Atrial fibrillation is a common cardiac arrhythmia and a major cause of stroke. Atrial fibrillation results in a fast and irregular cardiac rhythm which often leads to palpitations and a deterioration of cardiac function with cardiac output decreasing by an average of 30%. There is also an increased incidence of intra cardiac thrombosis (blood clotting and coagulation) which can potentially lead to embolic events such as strokes. Consequently, 20 to 35% of cerebrovascular accidents (CVAs) are related to paroxysmal or chronic atrial fibrillation
This condition is perpetuated by reentrant wavelets propagating in an abnormal atrial-tissue substrate. Various approaches, including electroanatomical and pulmonary vein isolation, have been developed to treat atrial fibrillation.
When the heart is viewed from the back, the most obvious structure lying in the coronary sulcus is the coronary sinus. This sinus receives most of the venous blood from the heart and empties the blood into the right atrium. Its tributaries are the small cardiac vein, the middle cardiac vein and the greater cardiac vein. Internal structures of the right atrium include the coronary sinus opening which may have small valve leaflets.

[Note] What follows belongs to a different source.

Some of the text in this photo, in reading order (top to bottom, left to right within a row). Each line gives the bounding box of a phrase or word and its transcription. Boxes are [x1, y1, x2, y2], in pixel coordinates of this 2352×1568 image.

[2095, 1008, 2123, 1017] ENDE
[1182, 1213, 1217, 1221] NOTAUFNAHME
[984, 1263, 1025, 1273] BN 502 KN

Difficulties in performing procedures within the coronary sinus include finding the ostium to the coronary sinus, preventing the catheter from slipping out of the coronary sinus and stabilizing the catheter in the coronary sinus in a beating heart. The catheter tends to slip out of the coronary sinus because of ante grade flow and movement of the heart and diaphragm. Moreover, the size and diameter of the coronary sinus can vary greatly between individuals and along the length of any one coronary sinus. Accordingly, significant disadvantages exist with current electrophysiological catheters ability to locate and work in the coronary sinus.

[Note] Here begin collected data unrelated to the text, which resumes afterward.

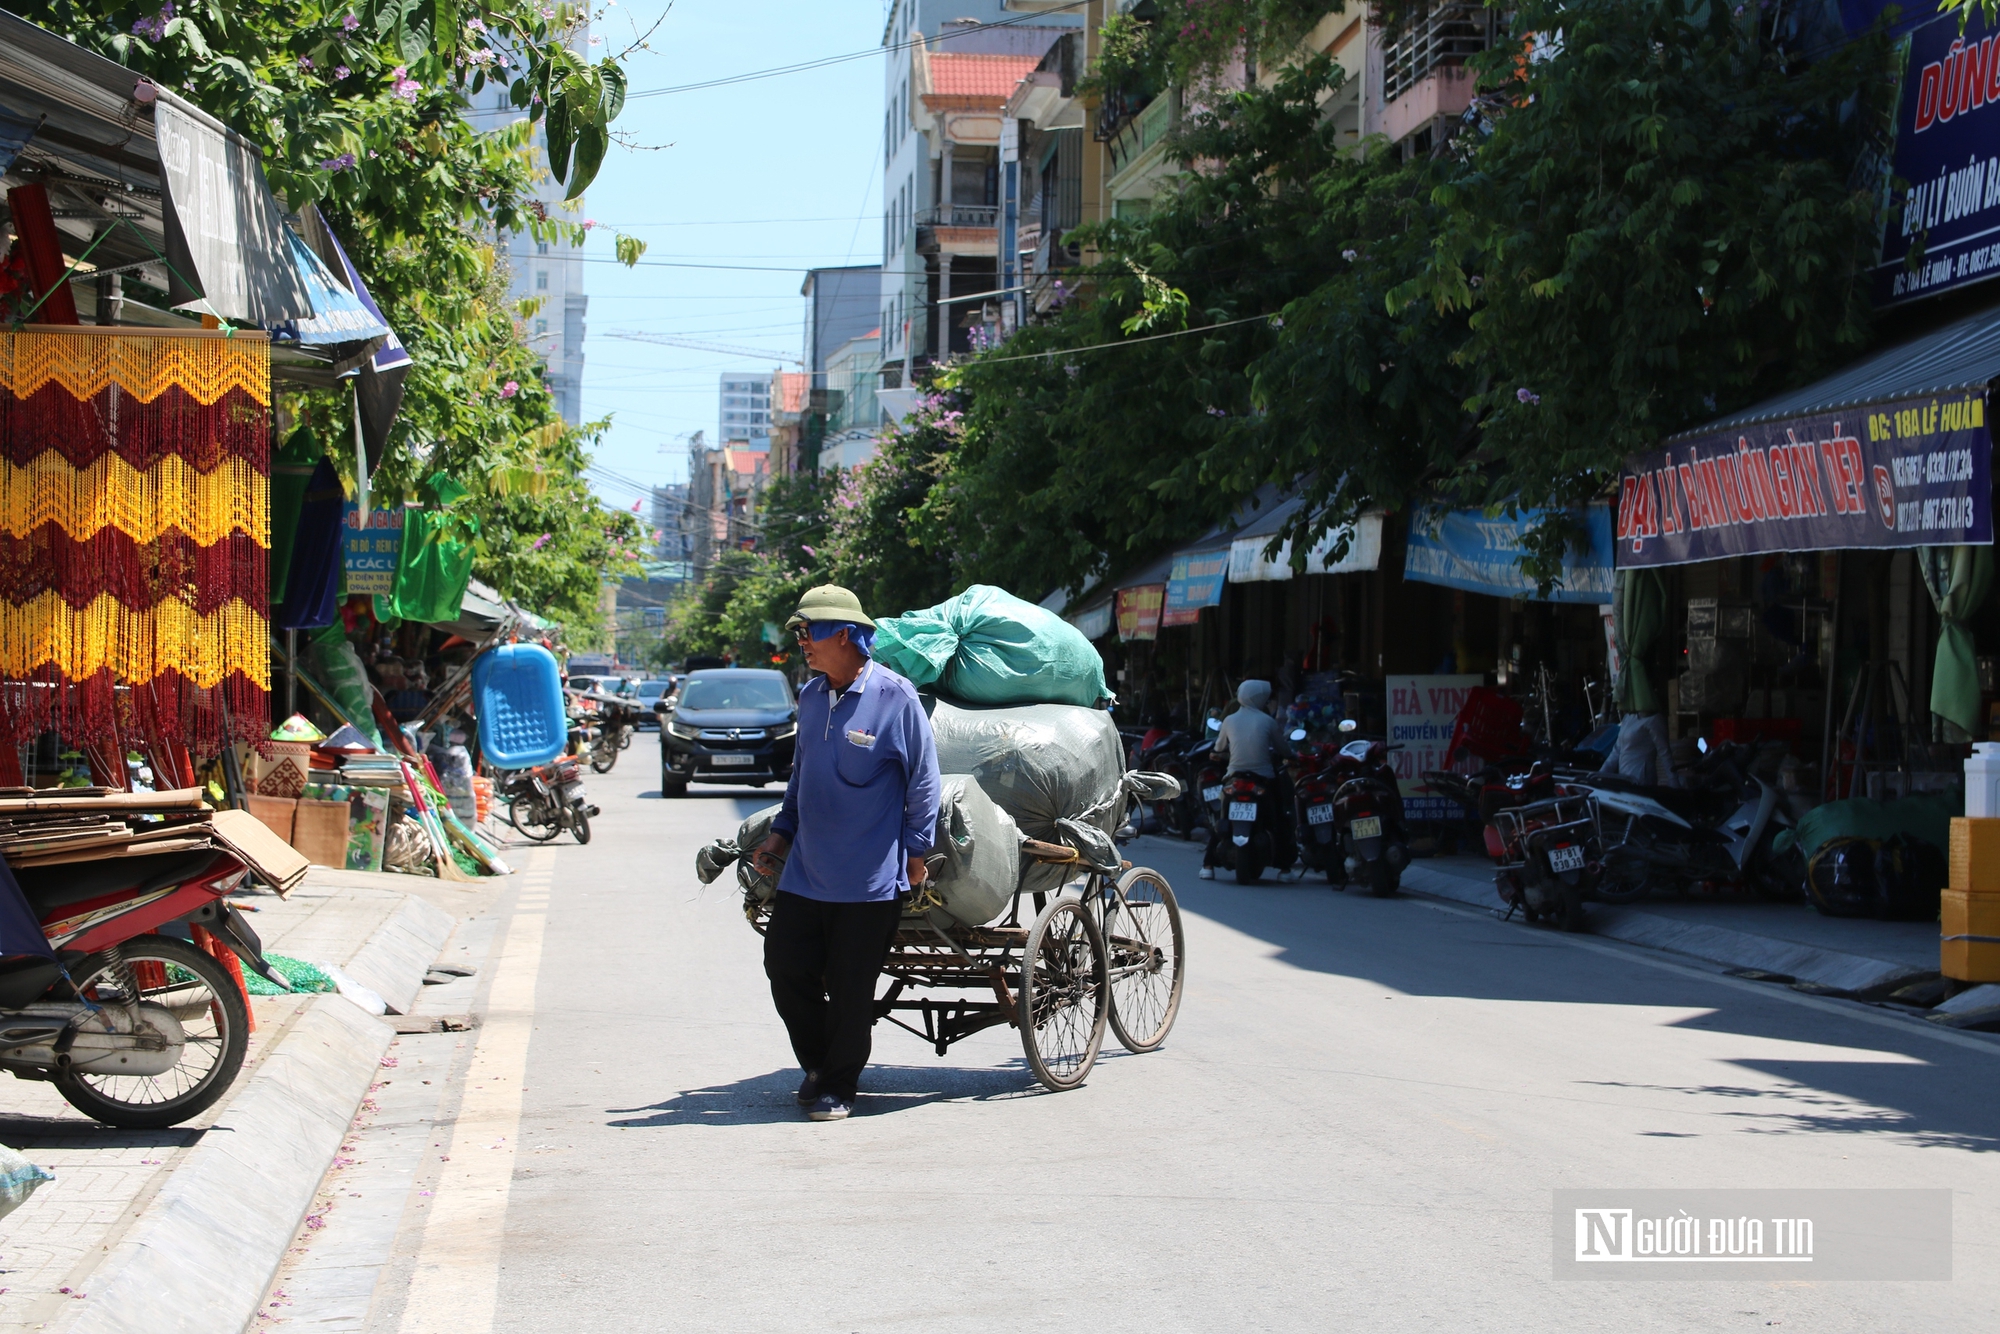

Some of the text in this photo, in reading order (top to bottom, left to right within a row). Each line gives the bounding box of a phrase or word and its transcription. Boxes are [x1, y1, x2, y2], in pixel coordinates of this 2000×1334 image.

[1901, 182, 1929, 245] ĐẠI
[1926, 164, 1947, 229] LÝ
[1944, 154, 1986, 223] BUÔN
[1920, 259, 1932, 289] LÊ
[1894, 408, 1920, 439] 18A
[1922, 398, 1939, 435] LÊ
[1617, 471, 1658, 553] ĐẠI
[1656, 452, 1684, 536] LÝ
[1678, 446, 1722, 531] BÁN
[1768, 427, 1827, 520] GIÀY
[1819, 421, 1867, 515] DÉP
[348, 510, 374, 529] CHN
[376, 511, 390, 529] GA
[356, 557, 385, 569] CÁC
[376, 575, 384, 583] 18
[1392, 681, 1423, 715] HÀ
[1393, 719, 1437, 740] CHUYỂN
[1395, 749, 1413, 779] 20

Where mapping of the heart is performed by means of electromagnetic sensing, the patient is placed in a magnetic field generated, for example, by situating under the patient a pad containing coils for generating a magnetic field. A reference electromagnetic sensor is fixed relative to the patient, e.g., taped to the patient's back, and a catheter containing a second electromagnetic sensor is advanced into the patient's heart. Each sensor comprises three small coils that in the magnetic field generate weak electrical signals indicative of their position in the magnetic field. Signals generated by both the fixed reference sensor and the second sensor in the heart are amplified and transmitted to a computer that analyzes the signals and then displays the signals on a monitor. By this method, the location of the sensor in the catheter relative to the reference sensor can be ascertained and visually displayed. Although the reference sensor is generally positioned outside the patient's body, it is also desirable for certain applications to position the reference sensor in the patient's heart, in particular, in or near the coronary sinus. Because the reference sensor serves as a reference location for the second electromagnetic sensor, movement of the reference sensor in or near the coronary sinus should preferably be minimized.